**Work instruction**
A word-for-word restatement of the full listing is required.

· · ·

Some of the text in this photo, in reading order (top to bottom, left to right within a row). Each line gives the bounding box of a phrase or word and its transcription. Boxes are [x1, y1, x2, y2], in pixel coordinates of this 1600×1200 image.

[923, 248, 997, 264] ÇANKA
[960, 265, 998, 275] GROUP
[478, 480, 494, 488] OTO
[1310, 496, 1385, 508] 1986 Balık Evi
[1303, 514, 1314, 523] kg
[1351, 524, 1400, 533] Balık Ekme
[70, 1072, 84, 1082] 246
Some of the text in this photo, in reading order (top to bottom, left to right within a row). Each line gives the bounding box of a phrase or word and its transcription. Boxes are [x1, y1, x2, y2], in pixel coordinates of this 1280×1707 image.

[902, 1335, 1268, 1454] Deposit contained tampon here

· · ·

**Written response**
Some of the text in this photo, in reading order (top to bottom, left to right within a row). Each line gives the bounding box of a phrase or word and its transcription. Boxes are [x1, y1, x2, y2], in pixel coordinates of this 1600×1200 image.

[923, 248, 997, 264] ÇANKA
[960, 265, 998, 275] GROUP
[478, 480, 494, 488] OTO
[1310, 496, 1385, 508] 1986 Balık Evi
[1303, 514, 1314, 523] kg
[1351, 524, 1400, 533] Balık Ekme
[70, 1072, 84, 1082] 246
Some of the text in this photo, in reading order (top to bottom, left to right within a row). Each line gives the bounding box of a phrase or word and its transcription. Boxes are [x1, y1, x2, y2], in pixel coordinates of this 1280×1707 image.

[902, 1335, 1268, 1454] Deposit contained tampon here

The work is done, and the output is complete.